Сильное истощение моего организма неожиданно сыграло свою положительную роль. «Нет худа без добра», — еще раз я убедился в этом, когда вынужденный пост помог мне обуздать свои страсти, т. е. пожиравшую меня ненависть к тюремщикам. Я смог взять себя в руки, спокойно проанализировать обстановку и холодным, рациональным умом, сделать заключение: «Мне осталось жить одну, максимум две недели…» Затем также спокойно и рационально я подумал: «Что произойдет, если я выполню требование палачей и признаю себя сумасшедшим? Разве от этого я фактически стану сумасшедшим? Нет! Разве этим я нанесу вред хоть одному человеку? Нет! Я только унижу себя. Но это — временно. Я смою с себя это пятно, как только выйду на свободу. Но то пятно, которое я брошу на коммунистических палачей, им будет никогда не смыть!»
После долгих и мучительных раздумий я попросил у сестры лист бумаги и написал то, что от меня требовали. Я написал, что признаю себя психически больным и признаю, что на почве болезни пытался в 1967 году бежать из Советского Союза в Турцию. Одновременно я одной фразой выразил осуждение своему преступлению и обещал больше не делать попыток побега. Все это я написал страшными каракулями, так как пальцы мои едва держали ручку. Отдав заявление сестре для передачи врачам, я подумал: «Сейчас я предал себя. Теперь один только Бог знает мои истинные намерения и только Он может помочь мне».
Вечером мне укол делать не стали.
— Вам уколы отменили, — сообщила мне дежурная сестра.

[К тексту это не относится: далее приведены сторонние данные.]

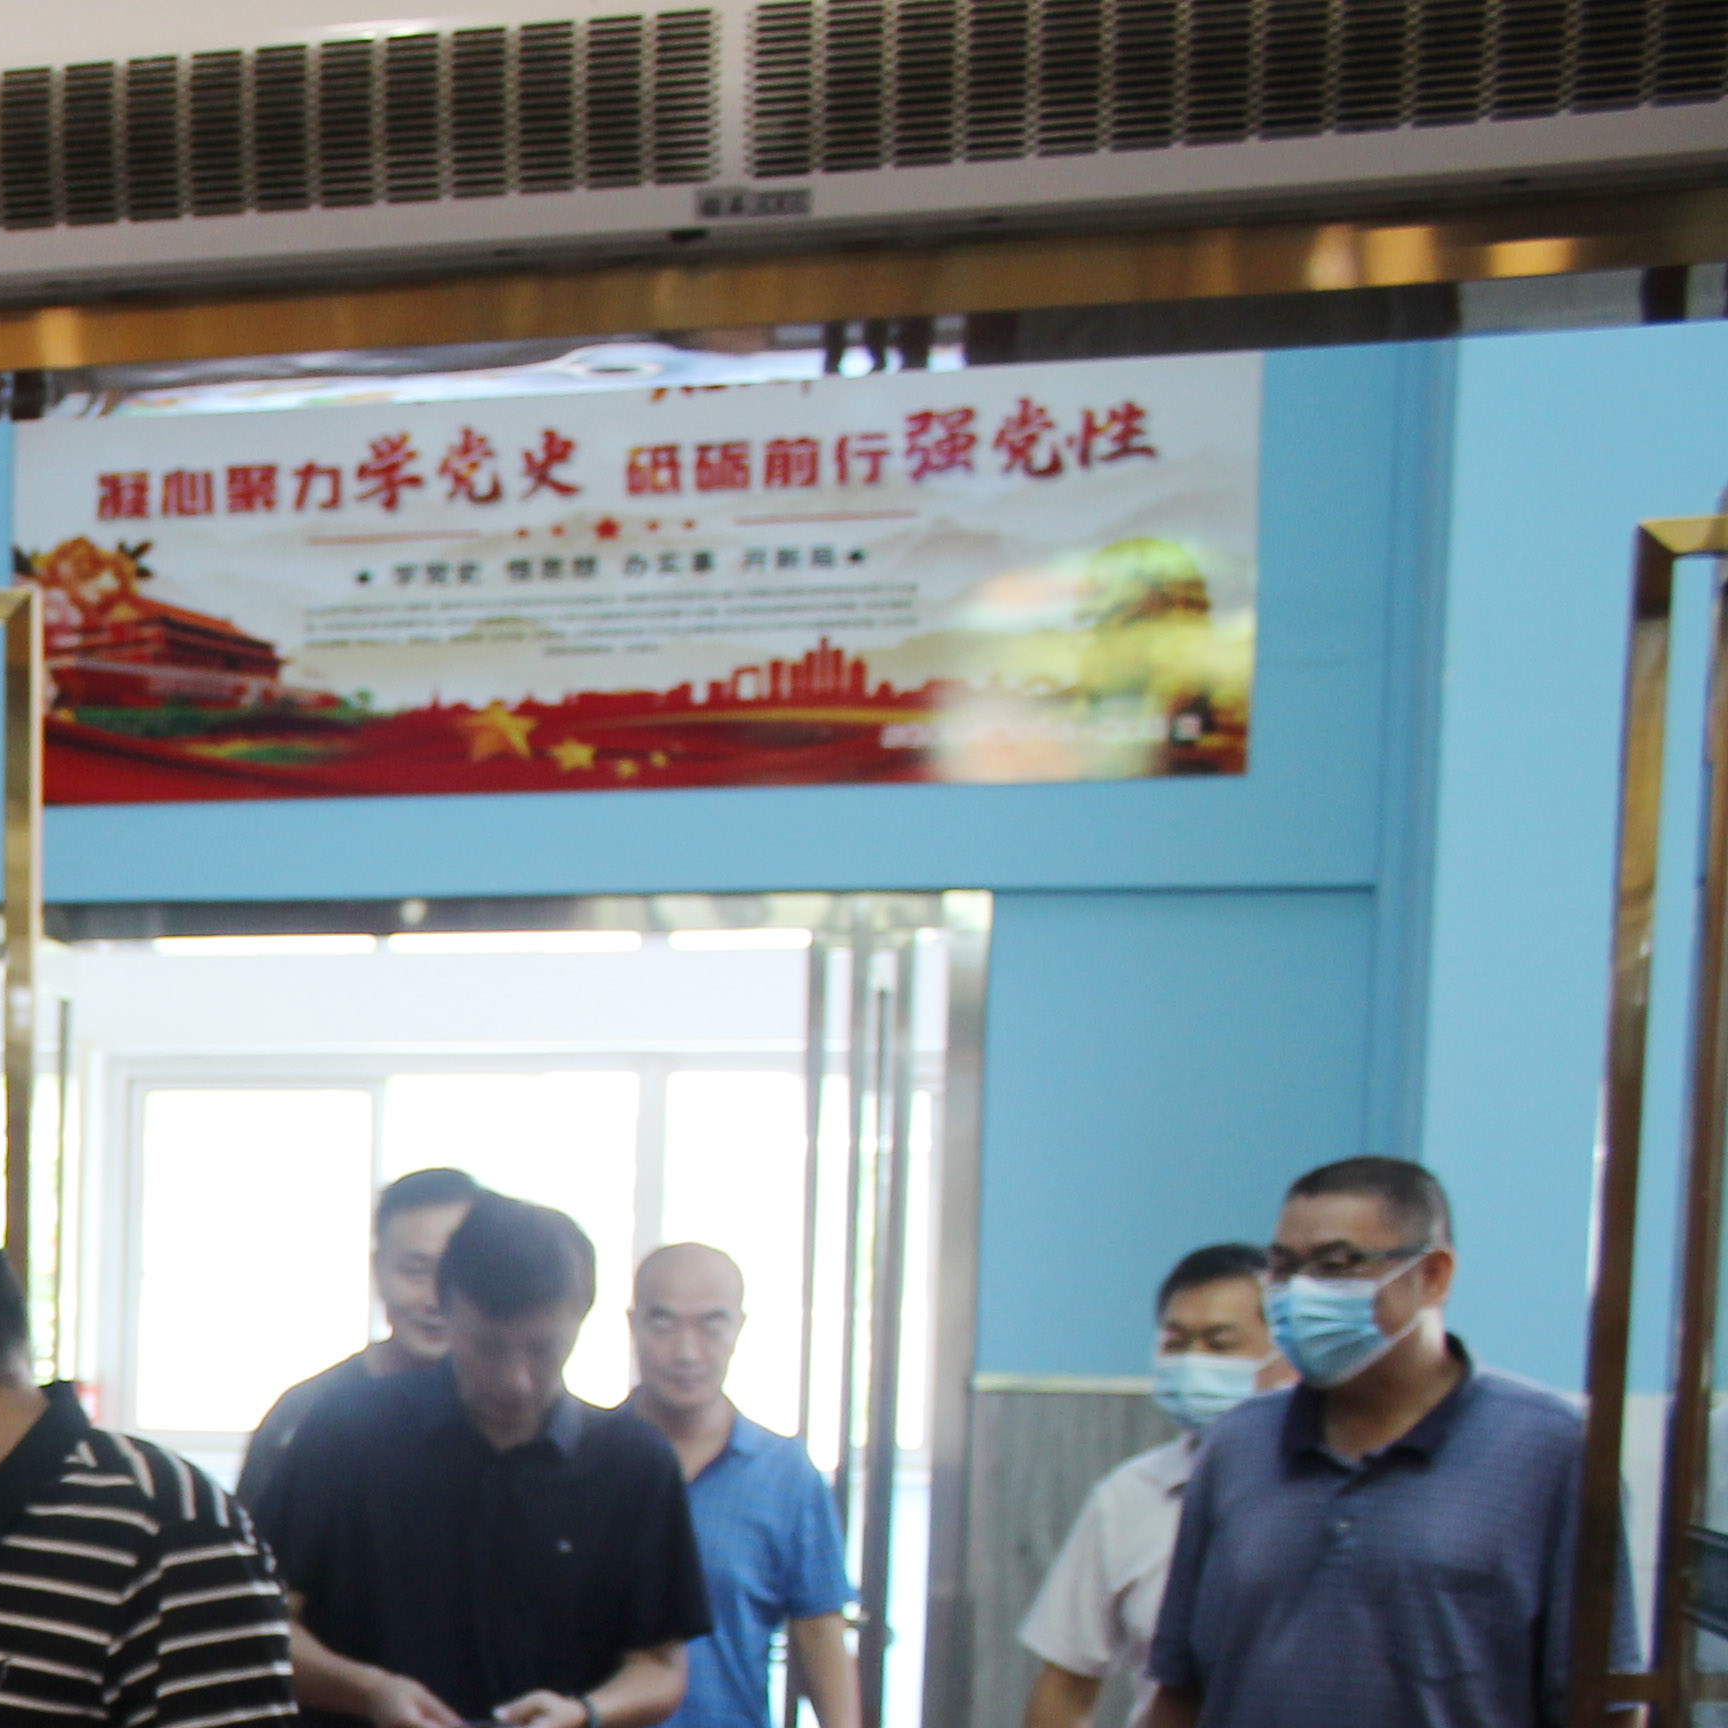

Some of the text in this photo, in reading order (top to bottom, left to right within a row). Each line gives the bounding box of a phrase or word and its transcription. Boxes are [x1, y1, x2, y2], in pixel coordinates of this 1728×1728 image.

[97, 399, 1158, 521] 凝心聚力学党史 砥砺前行强党性

Утром следующего дня, когда я пришел за таблетками, вместо 8 таблеток халоперидола мне дали всего одну таблетку трифтазина. По спецтюремным понятиям такая порция — почти ничего. Днем меня перевели из темной и мрачной 4-ой камеры в большую и довольно светлую камеру № 5, которая показалась мне почти «свободой». Вечером мне в ладонь снова упала таблетка трифтазина. Ее я не проглотил, а дежурная сестра не стала смотреть мой рот. Значит, специальные инструкции относительно меня, были теперь отменены. Вероятно мое заявление врачи восприняли как свою крупную победу и теперь сменили «кнут» на «пряник». Медленно, с большим трудом стал я возвращаться к жизни. Только через десять дней я начал вставать с койки и медленно прохаживаться по камере. Скованность и судороги проходили. Другие физические недуги — отпускали. Однако отрыжка желчью как будто даже усилилась. Политический Ларин, человек добрый и наблюдательный, заметил у меня постоянную отрыжку и вспомнил, что слышал на свободе:
— Вам нужны цитрусовые. Я думаю, что вам могут помочь только цитрусовые.

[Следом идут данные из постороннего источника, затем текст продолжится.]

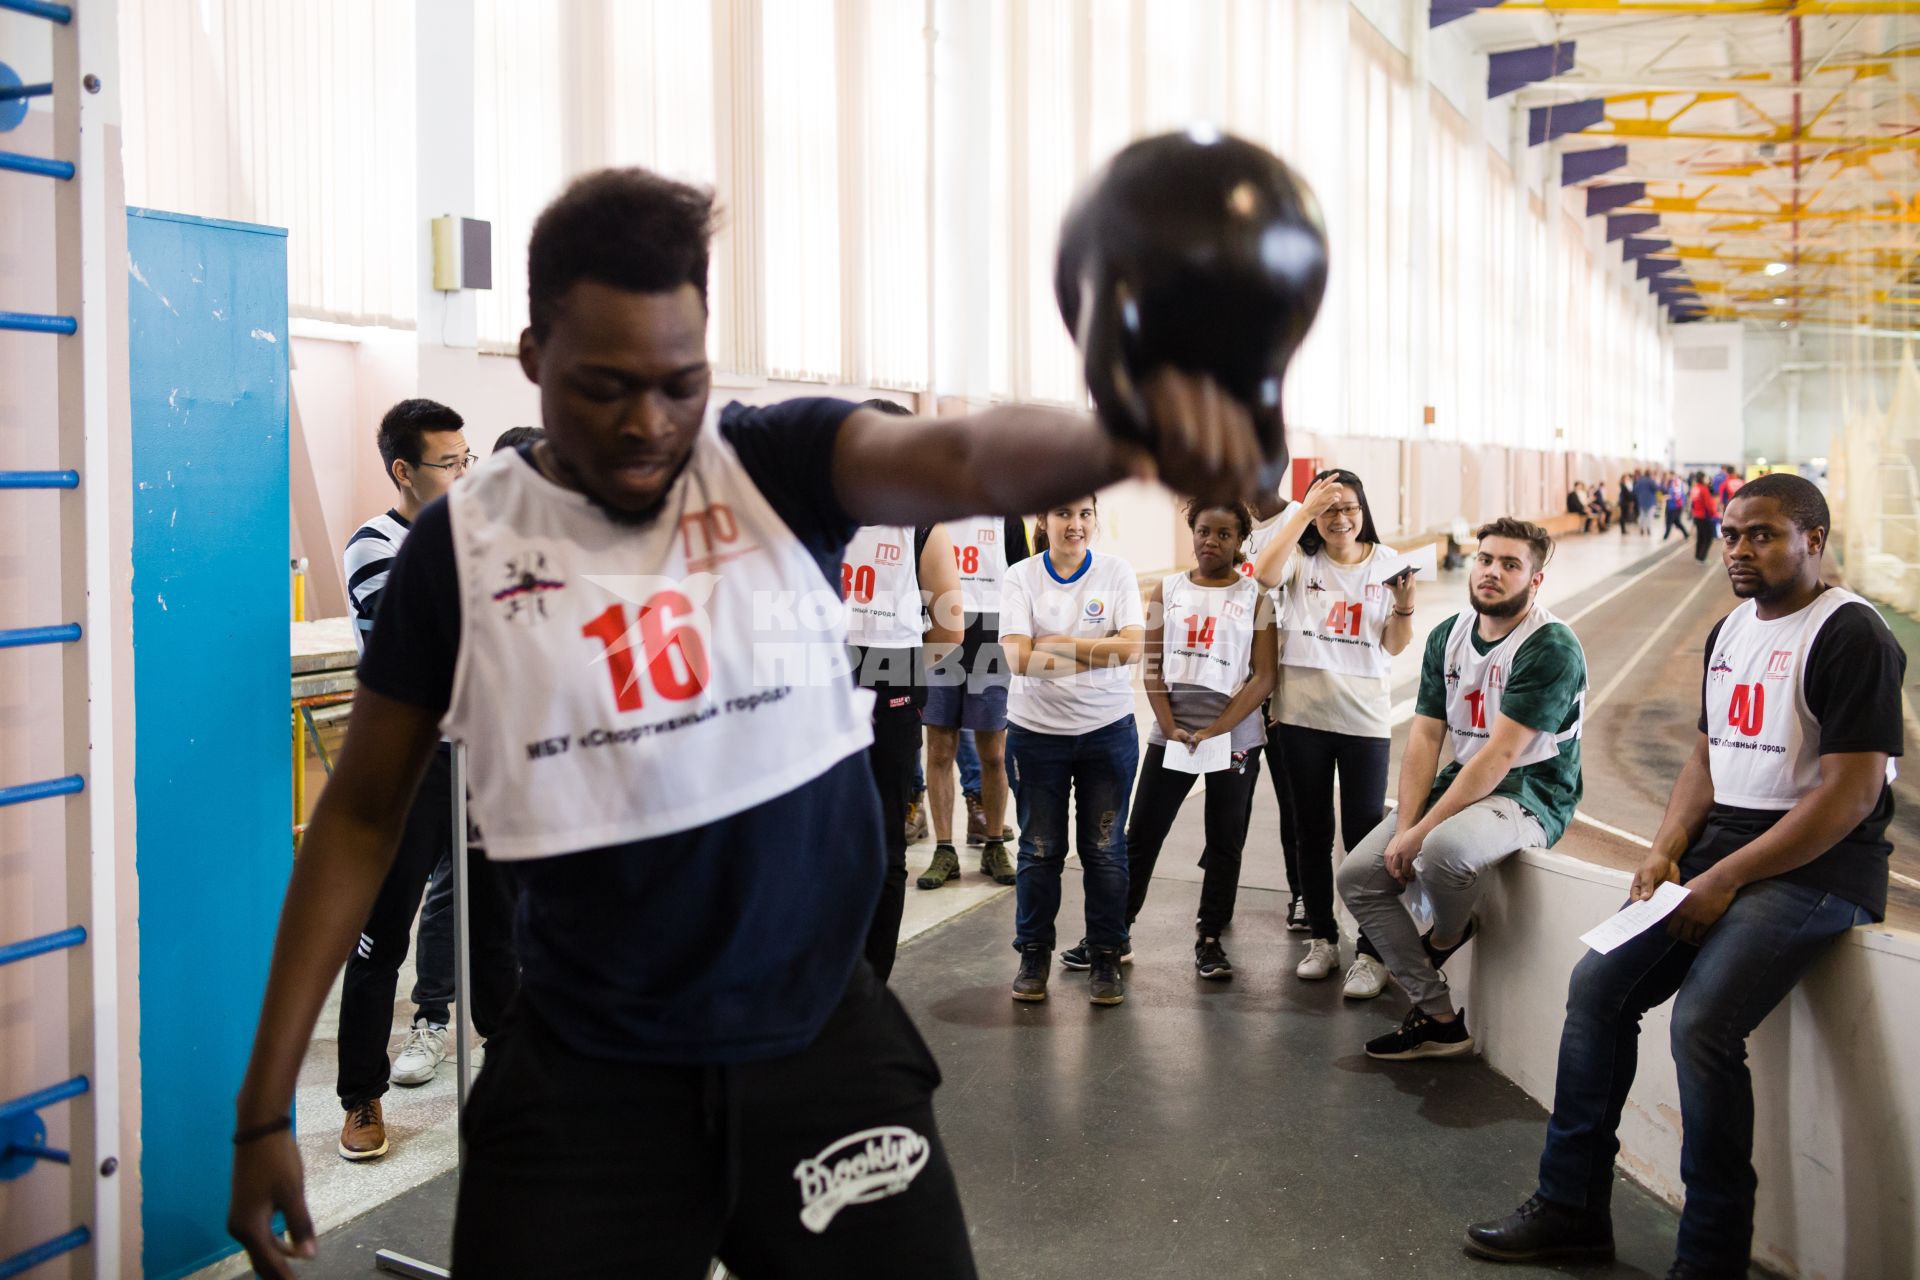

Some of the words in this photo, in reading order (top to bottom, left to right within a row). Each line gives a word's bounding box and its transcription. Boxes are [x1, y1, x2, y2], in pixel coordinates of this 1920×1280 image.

[875, 543, 901, 561] ГТО
[953, 545, 979, 574] 8
[1183, 614, 1217, 650] 14
[1326, 601, 1363, 635] 41
[581, 589, 712, 714] 16
[1728, 682, 1764, 737] 40
[1759, 743, 1787, 755] город»
[793, 1131, 925, 1205] Brooklyn

Если бы мне сказали, что мне может помочь только лунный грунт, доставленный на землю американскими астронавтами, это было бы то же самое. Кто мог прислать мне апельсины? Никто. Совершенно также, как и лунный грунт.
Еще через две недели я вышел на прогулку. На прогулке ко мне подошел Шостак и рассказал о своей беседе с Бочковской:
— Она сравнила меня с вами, — сообщил Шостак, — и сказала буквально следующее: «Ветохина мы решили на очередной комиссии выписать. Не отчаивайтесь — придет время, выпишем и вас!»
— Я думаю, что на этот раз они действительно меня выпишут, — ответил я.
По мере того, как скопившиеся в моем организме яды выходили из него, а новых ядов я не глотал, мой организм возвращался к сравнительно нормальному функционированию. Появился аппетит. Вполне естественно, что теперь мне необходимо было питание. А где его взять? Посылка, которую прислали родственники Муравьеву, была съедена. Теперь и он сам ел тюремные помои. Пойти работать на старое место, где кое-что перепадало — об этом нечего было и думать. На моем месте работал Виктор Ткаченко. Ткаченко без сомнения был здоровым человеком и пользовался благосклонностью администрации концлагеря. Поэтому, вплоть до выписки никакая сила уже не столкнет его с этой должности. А голод с каждым днем все сильнее и сильнее давал себя чувствовать. Скоро я уже не мог ни о чем думать, кроме как о еде.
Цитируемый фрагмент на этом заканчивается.